Portanto em tal evolução de pensamento apurou-se o nascimento de uma nova ética de agir, ou seja, um outro padrão social de comportamento humano que vem ganhando espaço no mundo contemporâneo,

sobretudo nas sociedades consideradas como mais avançadas ou liberais. Essa transformação trouxe conseqüências no campo legislativo, com a edição de leis que abrandaram a pena ou até admitiram a atipicidade da conduta médica eutanásica.

O presente trabalho também propiciou o entendimento de que a referida transformação social começa a admitir a possibilidade da morte denominada como digna, porque preserva, em relação ao doente terminal que vivencia intenso sofrimento, a dignidade de morrer em paz e sem sofrer em demasia.

Essa condição é fundamentada no Princípio Constitucional da Dignidade da Pessoa Humana, princípio esse que serve de base ao Estado Democrático de Direito.

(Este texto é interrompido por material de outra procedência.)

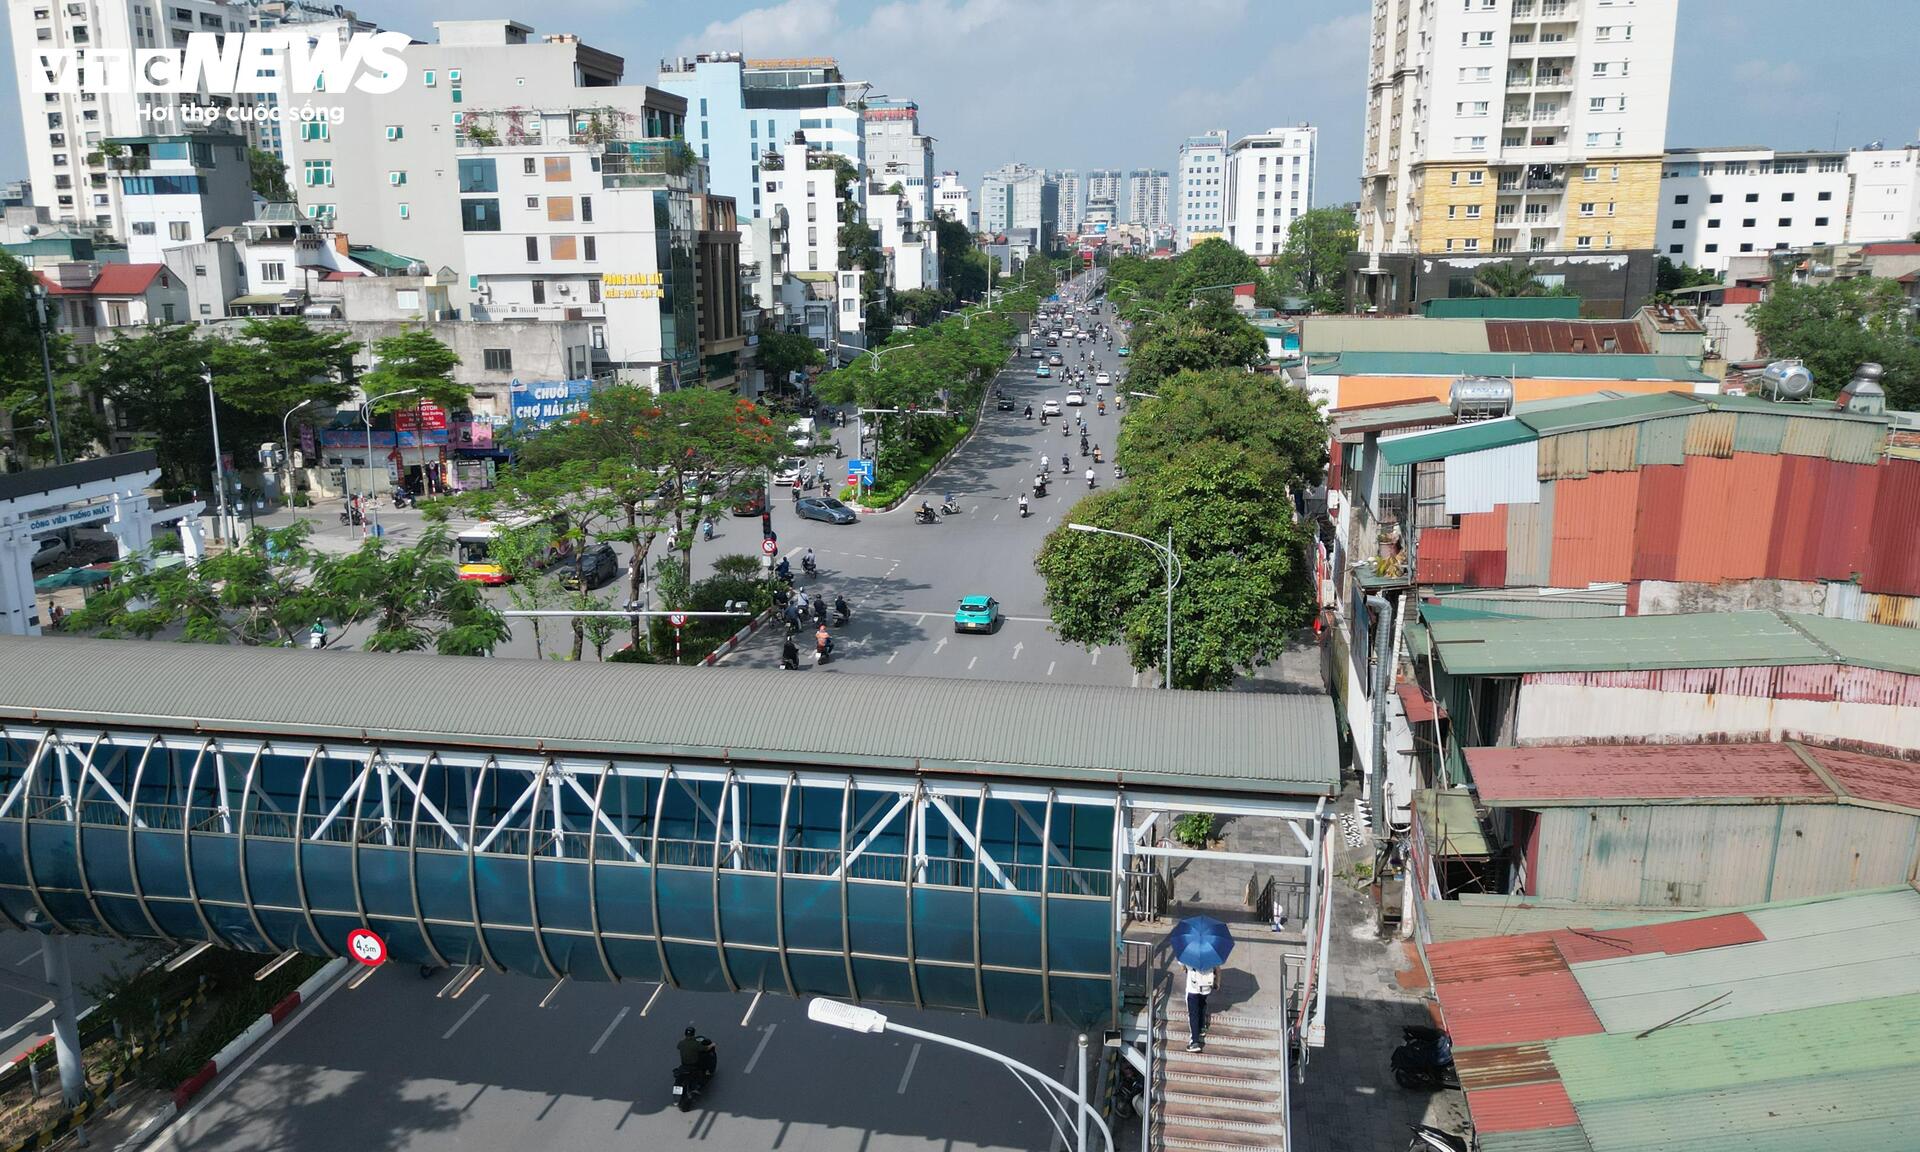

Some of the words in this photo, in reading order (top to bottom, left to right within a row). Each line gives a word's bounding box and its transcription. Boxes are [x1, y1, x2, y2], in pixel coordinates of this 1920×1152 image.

[534, 382, 569, 400] CHUỖI
[516, 402, 541, 420] CHỢ
[543, 400, 564, 417] HẢI
[30, 519, 50, 530] CÔNG
[52, 515, 67, 525] VIÊN
[69, 510, 91, 519] THỐNG
[92, 505, 110, 515] NHẤT
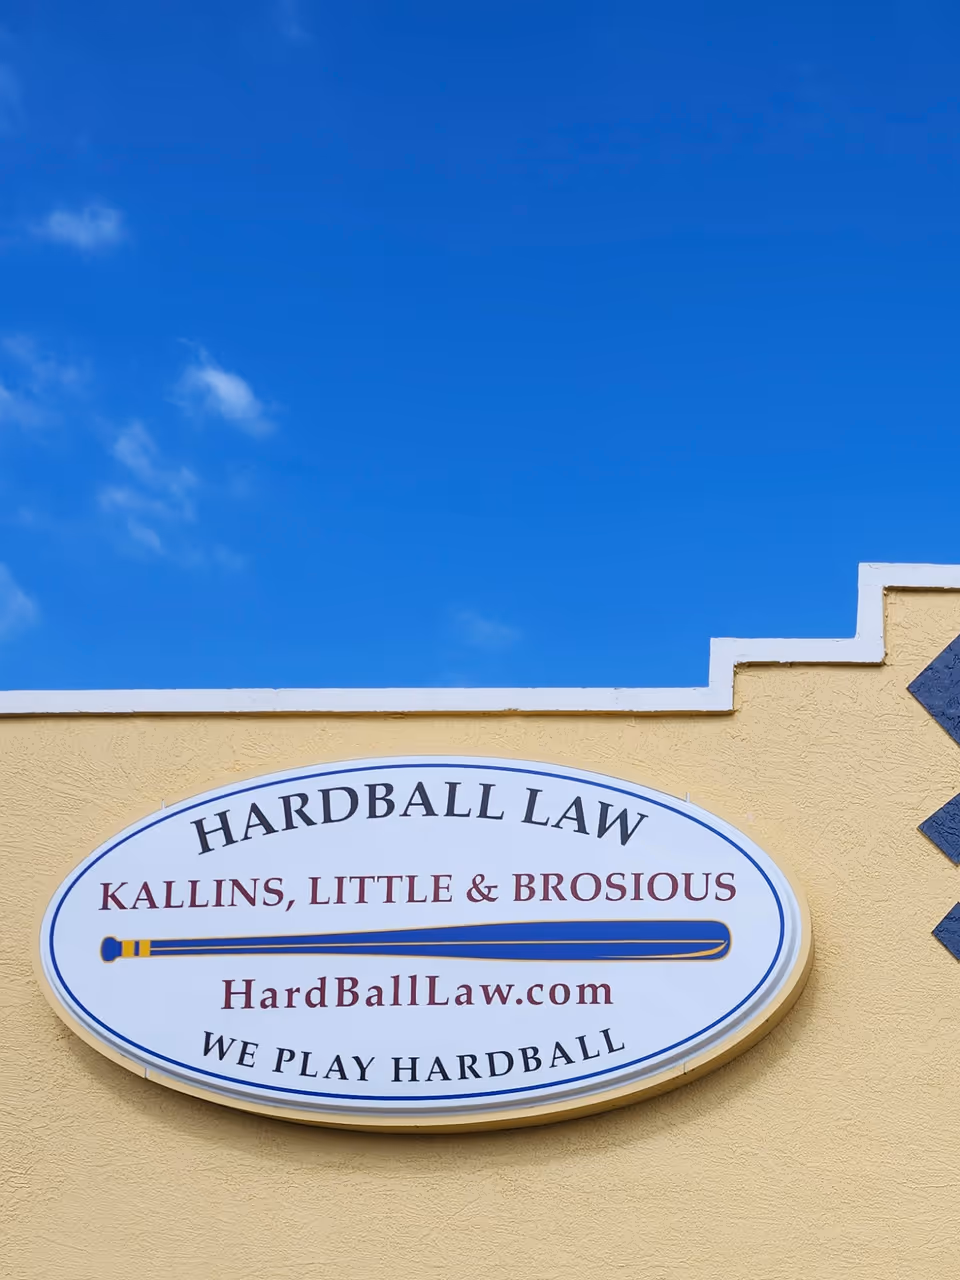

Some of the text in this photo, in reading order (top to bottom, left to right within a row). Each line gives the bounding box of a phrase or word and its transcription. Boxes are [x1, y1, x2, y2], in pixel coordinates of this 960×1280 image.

[190, 781, 649, 856] HARDBALL LAW
[99, 871, 738, 912] KALLINS, LITTLE & BROSIOUS
[221, 975, 614, 1010] HardBallLaw.com
[202, 1026, 626, 1083] WE PLAY HARDBALL

Desse modo, qualquer preâmbulo de fundamentação que pretenda rediscutir as conseqüências jurídicas da eutanásia passa, necessariamente, por um estudo relacionado à dignidade do ser humano, do quanto esse princípio base do ordenamento jurídico autoriza o entendimento de que também a morte sem sofrimento representa o “viver” com dignidade, ao menos até os últimos instantes em que esse “viver” é possível.

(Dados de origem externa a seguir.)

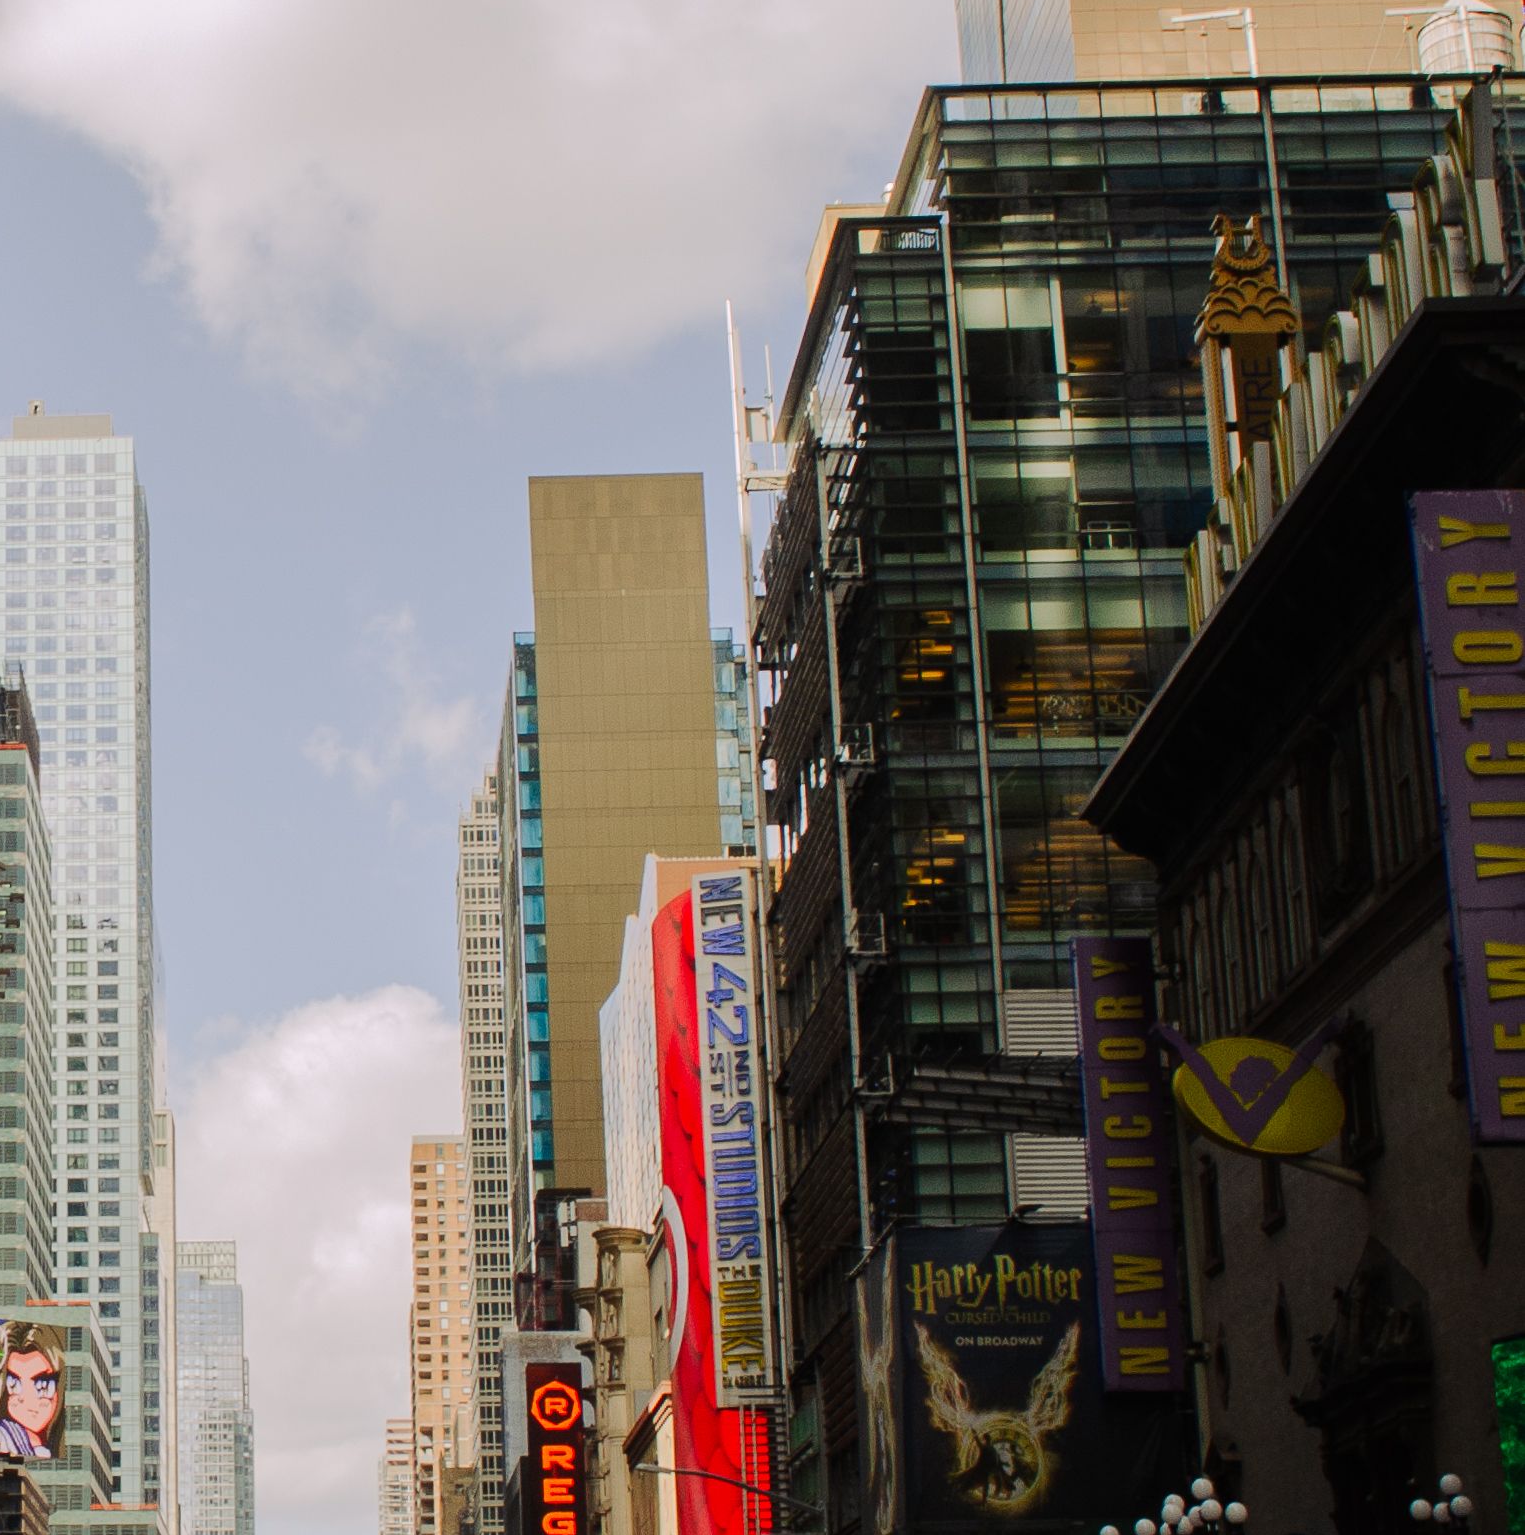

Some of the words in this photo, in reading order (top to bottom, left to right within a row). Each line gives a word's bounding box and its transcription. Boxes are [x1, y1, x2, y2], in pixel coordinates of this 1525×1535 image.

[699, 875, 746, 956] NEW
[707, 962, 750, 1049] 42
[1089, 954, 1160, 1211] VICTORY
[710, 1101, 761, 1261] STUDIOS
[716, 1279, 764, 1375] DUKE
[905, 1260, 993, 1315] Harry
[993, 1253, 1083, 1316] Potter
[1112, 1252, 1172, 1377] NEW
[954, 1335, 975, 1346] ON
[977, 1335, 1044, 1347] BROADWAY

No campo do direito interno, constatou-se que o Direito Penal nacional não reconhece qualquer tipo de eutanásia, disciplinando em seus artigos 121 e 122 do Código Penal que o ato de quem de qualquer modo põe fim à vida de seu semelhante, é típico, antijurídico e culpável, merecendo por isso a sanção Estatal. No entanto, verificou-se também que incursões no campo dos projetos legislativos tem sido verificadas, no rumo da diferenciação da conduta criminosa, com abrandamento da pena, para os casos de eutanásia passiva e ortotanásia, o que significa que o direito pátrio, ao menos em fases embrionárias, tem esboçado seguir o antes falado movimento de outras sociedades mais liberais.

Verificou-se que o compromisso da ciência com a qualidade de vida do ser humano, e o evidente progresso alcançado pelos novos tratamentos encontra no agir médico, frente aos casos terminais, um amplo debate sobre quais os meios a serem empregados para prolongar a vida, e até que ponto essa prorrogação vai ao encontro dos interesses daquele que sofre esse processo: o próprio paciente e seus familiares, porquanto pode-se efetivamente questionar se esse prolongamento infirma a preservação da dignidade do ser.